Мы не в силах описать ее жесты, ее голос, слезы, которые она глотала; она то складывала руки с мольбой, то в отчаянии ломала их. Свою бессвязную, беспорядочную речь она сопровождала душераздирающими улыбками, молящими взглядами, вздохами, стонами, потрясающими душу воплями. Когда она замолкла, Тристан нахмурил брови, чтобы скрыть слезу, навернувшуюся на его глаза, глаза тигра. Он превозмог, однако, эту слабость и проговорил отрывисто:

– Такова воля короля.

Потом он нагнулся к Анриэ Кузену и шепнул ему на ухо:

– Кончай скорее!

Грозный Тристан, быть может, чувствовал, что теряет власть над собой.

Палач и солдаты вошли в келью. Мать не оказала им никакого сопротивления. Она лишь подползла к дочери и, бросившись на нее, прикрыла ее своим телом.

Цыганка увидела подходивших солдат. Ужас смерти оживил ее.

– Матушка! – воскликнула она невыразимо отчаянным голосом. – Матушка!
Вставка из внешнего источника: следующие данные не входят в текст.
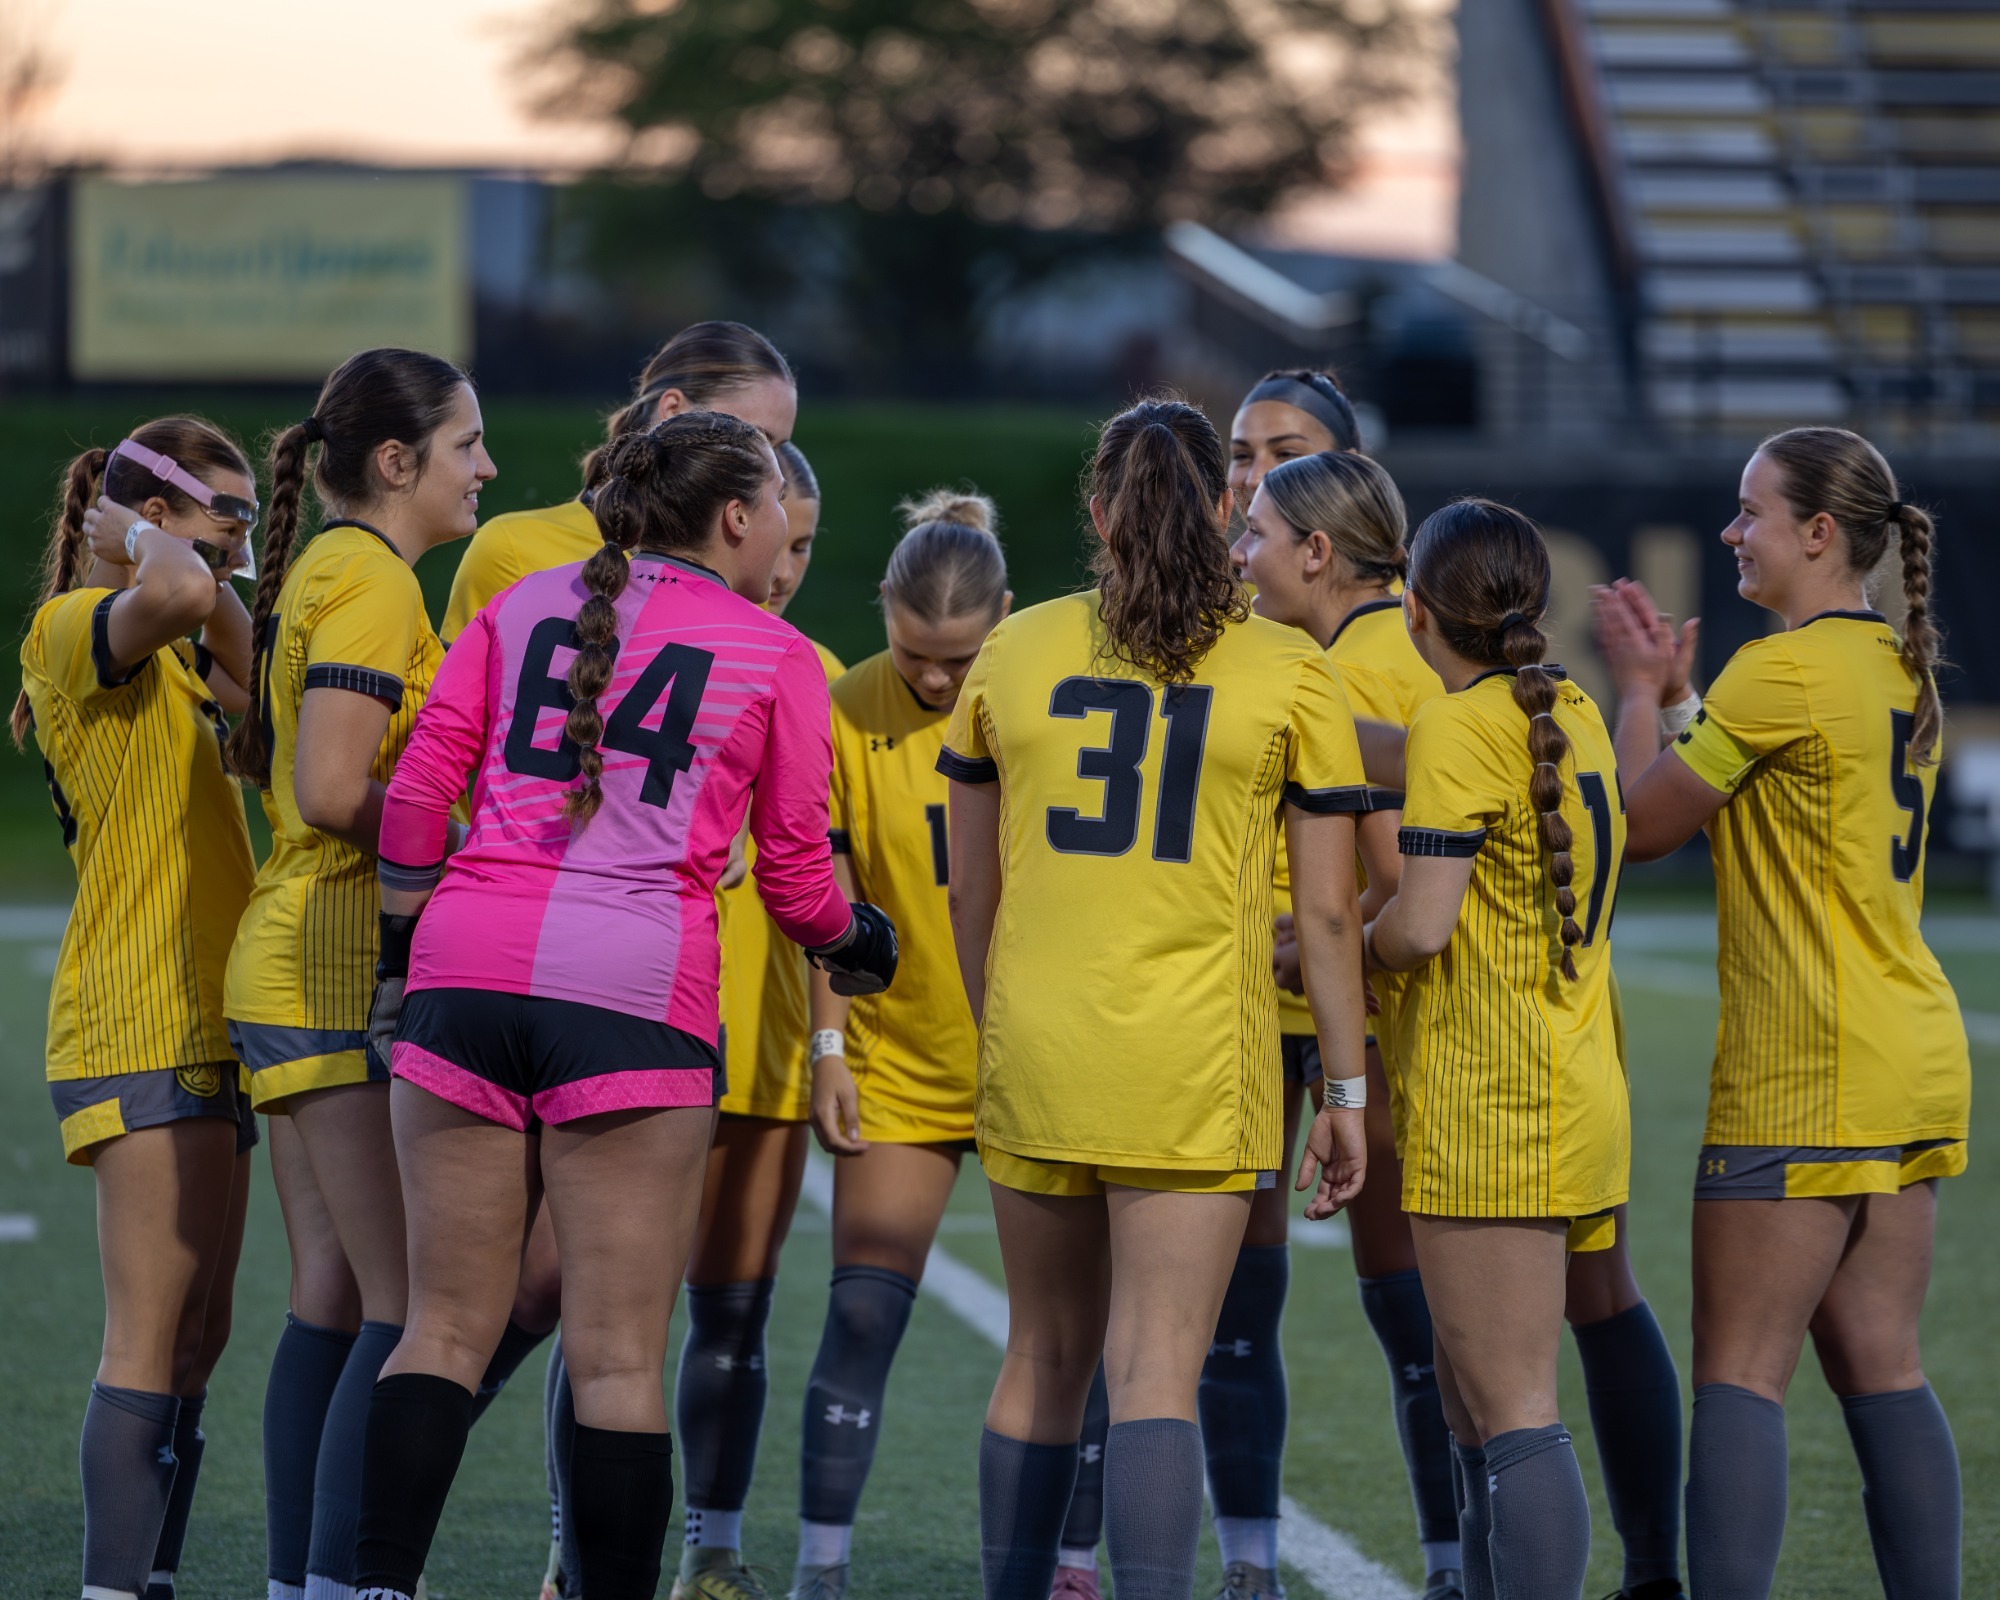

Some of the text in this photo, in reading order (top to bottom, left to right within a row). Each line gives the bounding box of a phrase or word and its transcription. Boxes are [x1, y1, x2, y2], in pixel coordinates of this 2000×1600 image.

[1046, 675, 1214, 864] 31
[1575, 769, 1627, 948] 1
[1890, 708, 1928, 883] 5
Они идут! Защити меня!

– Да, любовь моя, я защищу тебя! – отвечала мать угасшим голосом, сжимая ее в объятиях и покрывая поцелуями. Обе они, мать и дочь, лежавшие на земле, представляли картину, которую нельзя было видеть без сострадания.

Анриэ Кузен схватил девушку поперек тела. Почувствовав на себе эту руку, бедняжка вскрикнула и лишилась чувств. Палач, у которого слезы одна за другой капали на жертву, хотел ее унести, взяв на руки. Сначала он постарался отцепить от нее мать, руки которой точно узлом завязались вокруг стана бедной девушки, но она так судорожно обхватила дочь, что не было никакой возможности ее оттащить. Тогда Анриэ Кузен потащил из кельи молодую девушку, волоча вместе с ней и мать. У матери также были закрыты глаза.

В это время солнце уже взошло, и на площади было много народу, старавшегося издали рассмотреть, кого это тащат так по мостовой к виселице. Таков был обычай Тристана – не допускать любопытных слишком близко к месту казни. У окон никого не было. Только вдали, на вершине той башни собора Богоматери, которая высится над Гревской площадью, вырисовывались на светлом фоне утреннего неба две черные человеческие фигуры, по-видимому наблюдавшие за тем, что происходит на площади.

Анриэ Кузен остановился со своей ношей у подножия роковой лестницы и, едва дыша, – до того он был растроган, – накинул петлю на прелестную шейку девушки. Бедняжка почувствовала ужасное прикосновение веревки. Она приоткрыла глаза и увидала над своею головой распростертую каменную руку виселицы. Она вздрогнула и крикнула высоким, раздирающим душу голосом:

– Нет! Нет! Я не хочу!

Мать, приникшая лицом к одежде своей дочери, не произнесла ни слова, только все тело ее затрепетало, и она стала покрывать еще более страстными поцелуями свое дитя. Палач воспользовался этой минутой, чтобы быстро отцепить ее руки, обвивавшие стан осужденной. Может быть, выбившись из сил, может быть, от отчаяния, она не сопротивлялась, когда он взвалил себе на плечи девушку; тело прелестного создания, грациозно перегнувшись пополам, запрокинулось за его большую голову. Потом он ступил на лестницу, собираясь лезть наверх.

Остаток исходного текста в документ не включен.